Materials provided: Begin

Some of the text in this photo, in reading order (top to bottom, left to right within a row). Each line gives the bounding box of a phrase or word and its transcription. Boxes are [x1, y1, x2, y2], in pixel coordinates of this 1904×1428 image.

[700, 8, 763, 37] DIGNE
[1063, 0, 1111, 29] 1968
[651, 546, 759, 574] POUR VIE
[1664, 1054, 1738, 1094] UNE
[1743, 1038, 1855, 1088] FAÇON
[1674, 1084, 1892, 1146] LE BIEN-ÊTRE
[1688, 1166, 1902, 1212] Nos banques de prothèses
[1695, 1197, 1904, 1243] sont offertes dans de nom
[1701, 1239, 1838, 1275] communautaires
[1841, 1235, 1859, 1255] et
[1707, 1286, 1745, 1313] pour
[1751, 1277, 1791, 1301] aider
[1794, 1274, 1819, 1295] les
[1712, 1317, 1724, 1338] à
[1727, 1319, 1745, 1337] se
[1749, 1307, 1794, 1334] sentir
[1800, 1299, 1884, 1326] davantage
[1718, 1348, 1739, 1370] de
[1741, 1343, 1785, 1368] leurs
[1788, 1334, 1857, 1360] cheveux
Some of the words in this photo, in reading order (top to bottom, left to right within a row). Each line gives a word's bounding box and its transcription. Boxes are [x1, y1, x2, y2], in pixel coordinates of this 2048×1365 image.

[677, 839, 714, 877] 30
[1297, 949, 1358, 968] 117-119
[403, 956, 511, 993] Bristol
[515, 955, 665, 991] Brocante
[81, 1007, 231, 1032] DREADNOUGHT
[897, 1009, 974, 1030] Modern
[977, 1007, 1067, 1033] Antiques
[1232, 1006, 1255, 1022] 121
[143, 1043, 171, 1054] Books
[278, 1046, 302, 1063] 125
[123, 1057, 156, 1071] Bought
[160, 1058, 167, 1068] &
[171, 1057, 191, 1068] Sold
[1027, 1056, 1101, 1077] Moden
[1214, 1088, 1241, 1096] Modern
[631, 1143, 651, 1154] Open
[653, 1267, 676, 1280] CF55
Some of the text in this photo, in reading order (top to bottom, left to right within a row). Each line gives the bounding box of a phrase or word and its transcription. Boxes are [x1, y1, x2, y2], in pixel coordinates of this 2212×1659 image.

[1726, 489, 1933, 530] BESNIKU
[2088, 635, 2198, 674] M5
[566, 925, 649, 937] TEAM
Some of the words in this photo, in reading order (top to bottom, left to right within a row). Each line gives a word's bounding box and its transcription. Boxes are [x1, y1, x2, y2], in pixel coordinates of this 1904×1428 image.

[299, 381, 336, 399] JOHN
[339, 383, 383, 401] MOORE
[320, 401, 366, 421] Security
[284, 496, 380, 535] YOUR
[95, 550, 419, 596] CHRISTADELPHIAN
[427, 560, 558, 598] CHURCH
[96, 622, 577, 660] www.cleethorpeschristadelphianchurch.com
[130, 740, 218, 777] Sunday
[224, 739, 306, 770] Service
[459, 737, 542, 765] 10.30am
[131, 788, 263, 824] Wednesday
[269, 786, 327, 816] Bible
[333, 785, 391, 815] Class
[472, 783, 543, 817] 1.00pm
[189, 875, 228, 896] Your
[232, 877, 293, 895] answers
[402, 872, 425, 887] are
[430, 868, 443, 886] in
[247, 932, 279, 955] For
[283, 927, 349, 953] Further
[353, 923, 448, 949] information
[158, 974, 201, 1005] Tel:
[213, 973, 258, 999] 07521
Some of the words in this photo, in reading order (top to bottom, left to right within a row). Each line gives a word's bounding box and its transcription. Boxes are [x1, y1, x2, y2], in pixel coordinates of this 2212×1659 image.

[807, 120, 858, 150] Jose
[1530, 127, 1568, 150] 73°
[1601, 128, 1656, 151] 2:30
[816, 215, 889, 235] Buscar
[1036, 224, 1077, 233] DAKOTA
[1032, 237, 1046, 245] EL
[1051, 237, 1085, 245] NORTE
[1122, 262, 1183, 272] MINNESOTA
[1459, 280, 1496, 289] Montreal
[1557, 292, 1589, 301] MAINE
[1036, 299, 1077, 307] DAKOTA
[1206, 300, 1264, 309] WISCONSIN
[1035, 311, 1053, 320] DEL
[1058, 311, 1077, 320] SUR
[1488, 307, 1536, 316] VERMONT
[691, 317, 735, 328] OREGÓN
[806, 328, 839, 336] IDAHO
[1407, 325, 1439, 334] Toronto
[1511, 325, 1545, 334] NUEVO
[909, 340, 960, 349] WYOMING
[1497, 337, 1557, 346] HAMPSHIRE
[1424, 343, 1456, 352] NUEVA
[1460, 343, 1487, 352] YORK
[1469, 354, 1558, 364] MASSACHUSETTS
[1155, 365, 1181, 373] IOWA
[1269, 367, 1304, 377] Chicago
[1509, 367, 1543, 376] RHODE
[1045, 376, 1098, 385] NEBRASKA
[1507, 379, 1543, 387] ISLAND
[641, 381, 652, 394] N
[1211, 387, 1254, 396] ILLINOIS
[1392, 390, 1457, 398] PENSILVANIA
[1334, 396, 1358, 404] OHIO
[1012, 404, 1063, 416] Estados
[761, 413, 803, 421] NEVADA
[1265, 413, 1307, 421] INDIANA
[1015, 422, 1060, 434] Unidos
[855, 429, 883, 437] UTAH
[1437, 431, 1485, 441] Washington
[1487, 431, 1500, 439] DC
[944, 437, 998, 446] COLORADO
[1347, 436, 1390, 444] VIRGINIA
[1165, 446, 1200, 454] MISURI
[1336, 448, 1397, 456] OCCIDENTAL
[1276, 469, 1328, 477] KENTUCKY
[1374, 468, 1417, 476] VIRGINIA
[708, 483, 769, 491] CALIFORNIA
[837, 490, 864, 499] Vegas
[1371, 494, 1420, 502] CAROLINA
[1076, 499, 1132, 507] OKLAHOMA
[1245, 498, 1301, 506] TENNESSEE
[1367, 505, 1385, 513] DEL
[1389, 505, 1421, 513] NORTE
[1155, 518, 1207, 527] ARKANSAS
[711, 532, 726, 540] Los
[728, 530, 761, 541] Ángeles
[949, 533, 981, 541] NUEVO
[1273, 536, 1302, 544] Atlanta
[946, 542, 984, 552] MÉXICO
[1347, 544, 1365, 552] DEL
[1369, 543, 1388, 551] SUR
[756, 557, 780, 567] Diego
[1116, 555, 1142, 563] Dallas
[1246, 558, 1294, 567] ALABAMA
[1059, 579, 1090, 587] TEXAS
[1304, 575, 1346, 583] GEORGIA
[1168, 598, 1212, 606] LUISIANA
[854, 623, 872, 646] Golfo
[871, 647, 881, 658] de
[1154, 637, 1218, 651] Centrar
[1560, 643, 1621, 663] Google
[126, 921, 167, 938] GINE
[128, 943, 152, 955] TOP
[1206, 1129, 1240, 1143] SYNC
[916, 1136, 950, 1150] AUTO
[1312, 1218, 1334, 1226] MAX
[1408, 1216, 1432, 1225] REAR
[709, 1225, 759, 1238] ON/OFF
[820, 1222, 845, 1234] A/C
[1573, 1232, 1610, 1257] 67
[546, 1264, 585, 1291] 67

Materials provided: End

:: About this task ::
Each entry must be printed again exactly as given.

:: Expected answer ::
Some of the text in this photo, in reading order (top to bottom, left to right within a row). Each line gives the bounding box of a phrase or word and its transcription. Boxes are [x1, y1, x2, y2], in pixel coordinates of this 1904×1428 image.

[700, 8, 763, 37] DIGNE
[1063, 0, 1111, 29] 1968
[651, 546, 759, 574] POUR VIE
[1664, 1054, 1738, 1094] UNE
[1743, 1038, 1855, 1088] FAÇON
[1674, 1084, 1892, 1146] LE BIEN-ÊTRE
[1688, 1166, 1902, 1212] Nos banques de prothèses
[1695, 1197, 1904, 1243] sont offertes dans de nom
[1701, 1239, 1838, 1275] communautaires
[1841, 1235, 1859, 1255] et
[1707, 1286, 1745, 1313] pour
[1751, 1277, 1791, 1301] aider
[1794, 1274, 1819, 1295] les
[1712, 1317, 1724, 1338] à
[1727, 1319, 1745, 1337] se
[1749, 1307, 1794, 1334] sentir
[1800, 1299, 1884, 1326] davantage
[1718, 1348, 1739, 1370] de
[1741, 1343, 1785, 1368] leurs
[1788, 1334, 1857, 1360] cheveux
Some of the words in this photo, in reading order (top to bottom, left to right within a row). Each line gives a word's bounding box and its transcription. Boxes are [x1, y1, x2, y2], in pixel coordinates of this 2048×1365 image.

[677, 839, 714, 877] 30
[1297, 949, 1358, 968] 117-119
[403, 956, 511, 993] Bristol
[515, 955, 665, 991] Brocante
[81, 1007, 231, 1032] DREADNOUGHT
[897, 1009, 974, 1030] Modern
[977, 1007, 1067, 1033] Antiques
[1232, 1006, 1255, 1022] 121
[143, 1043, 171, 1054] Books
[278, 1046, 302, 1063] 125
[123, 1057, 156, 1071] Bought
[160, 1058, 167, 1068] &
[171, 1057, 191, 1068] Sold
[1027, 1056, 1101, 1077] Moden
[1214, 1088, 1241, 1096] Modern
[631, 1143, 651, 1154] Open
[653, 1267, 676, 1280] CF55
Some of the text in this photo, in reading order (top to bottom, left to right within a row). Each line gives the bounding box of a phrase or word and its transcription. Boxes are [x1, y1, x2, y2], in pixel coordinates of this 2212×1659 image.

[1726, 489, 1933, 530] BESNIKU
[2088, 635, 2198, 674] M5
[566, 925, 649, 937] TEAM
Some of the words in this photo, in reading order (top to bottom, left to right within a row). Each line gives a word's bounding box and its transcription. Boxes are [x1, y1, x2, y2], in pixel coordinates of this 1904×1428 image.

[299, 381, 336, 399] JOHN
[339, 383, 383, 401] MOORE
[320, 401, 366, 421] Security
[284, 496, 380, 535] YOUR
[95, 550, 419, 596] CHRISTADELPHIAN
[427, 560, 558, 598] CHURCH
[96, 622, 577, 660] www.cleethorpeschristadelphianchurch.com
[130, 740, 218, 777] Sunday
[224, 739, 306, 770] Service
[459, 737, 542, 765] 10.30am
[131, 788, 263, 824] Wednesday
[269, 786, 327, 816] Bible
[333, 785, 391, 815] Class
[472, 783, 543, 817] 1.00pm
[189, 875, 228, 896] Your
[232, 877, 293, 895] answers
[402, 872, 425, 887] are
[430, 868, 443, 886] in
[247, 932, 279, 955] For
[283, 927, 349, 953] Further
[353, 923, 448, 949] information
[158, 974, 201, 1005] Tel:
[213, 973, 258, 999] 07521
Some of the words in this photo, in reading order (top to bottom, left to right within a row). Each line gives a word's bounding box and its transcription. Boxes are [x1, y1, x2, y2], in pixel coordinates of this 2212×1659 image.

[807, 120, 858, 150] Jose
[1530, 127, 1568, 150] 73°
[1601, 128, 1656, 151] 2:30
[816, 215, 889, 235] Buscar
[1036, 224, 1077, 233] DAKOTA
[1032, 237, 1046, 245] EL
[1051, 237, 1085, 245] NORTE
[1122, 262, 1183, 272] MINNESOTA
[1459, 280, 1496, 289] Montreal
[1557, 292, 1589, 301] MAINE
[1036, 299, 1077, 307] DAKOTA
[1206, 300, 1264, 309] WISCONSIN
[1035, 311, 1053, 320] DEL
[1058, 311, 1077, 320] SUR
[1488, 307, 1536, 316] VERMONT
[691, 317, 735, 328] OREGÓN
[806, 328, 839, 336] IDAHO
[1407, 325, 1439, 334] Toronto
[1511, 325, 1545, 334] NUEVO
[909, 340, 960, 349] WYOMING
[1497, 337, 1557, 346] HAMPSHIRE
[1424, 343, 1456, 352] NUEVA
[1460, 343, 1487, 352] YORK
[1469, 354, 1558, 364] MASSACHUSETTS
[1155, 365, 1181, 373] IOWA
[1269, 367, 1304, 377] Chicago
[1509, 367, 1543, 376] RHODE
[1045, 376, 1098, 385] NEBRASKA
[1507, 379, 1543, 387] ISLAND
[641, 381, 652, 394] N
[1211, 387, 1254, 396] ILLINOIS
[1392, 390, 1457, 398] PENSILVANIA
[1334, 396, 1358, 404] OHIO
[1012, 404, 1063, 416] Estados
[761, 413, 803, 421] NEVADA
[1265, 413, 1307, 421] INDIANA
[1015, 422, 1060, 434] Unidos
[855, 429, 883, 437] UTAH
[1437, 431, 1485, 441] Washington
[1487, 431, 1500, 439] DC
[944, 437, 998, 446] COLORADO
[1347, 436, 1390, 444] VIRGINIA
[1165, 446, 1200, 454] MISURI
[1336, 448, 1397, 456] OCCIDENTAL
[1276, 469, 1328, 477] KENTUCKY
[1374, 468, 1417, 476] VIRGINIA
[708, 483, 769, 491] CALIFORNIA
[837, 490, 864, 499] Vegas
[1371, 494, 1420, 502] CAROLINA
[1076, 499, 1132, 507] OKLAHOMA
[1245, 498, 1301, 506] TENNESSEE
[1367, 505, 1385, 513] DEL
[1389, 505, 1421, 513] NORTE
[1155, 518, 1207, 527] ARKANSAS
[711, 532, 726, 540] Los
[728, 530, 761, 541] Ángeles
[949, 533, 981, 541] NUEVO
[1273, 536, 1302, 544] Atlanta
[946, 542, 984, 552] MÉXICO
[1347, 544, 1365, 552] DEL
[1369, 543, 1388, 551] SUR
[756, 557, 780, 567] Diego
[1116, 555, 1142, 563] Dallas
[1246, 558, 1294, 567] ALABAMA
[1059, 579, 1090, 587] TEXAS
[1304, 575, 1346, 583] GEORGIA
[1168, 598, 1212, 606] LUISIANA
[854, 623, 872, 646] Golfo
[871, 647, 881, 658] de
[1154, 637, 1218, 651] Centrar
[1560, 643, 1621, 663] Google
[126, 921, 167, 938] GINE
[128, 943, 152, 955] TOP
[1206, 1129, 1240, 1143] SYNC
[916, 1136, 950, 1150] AUTO
[1312, 1218, 1334, 1226] MAX
[1408, 1216, 1432, 1225] REAR
[709, 1225, 759, 1238] ON/OFF
[820, 1222, 845, 1234] A/C
[1573, 1232, 1610, 1257] 67
[546, 1264, 585, 1291] 67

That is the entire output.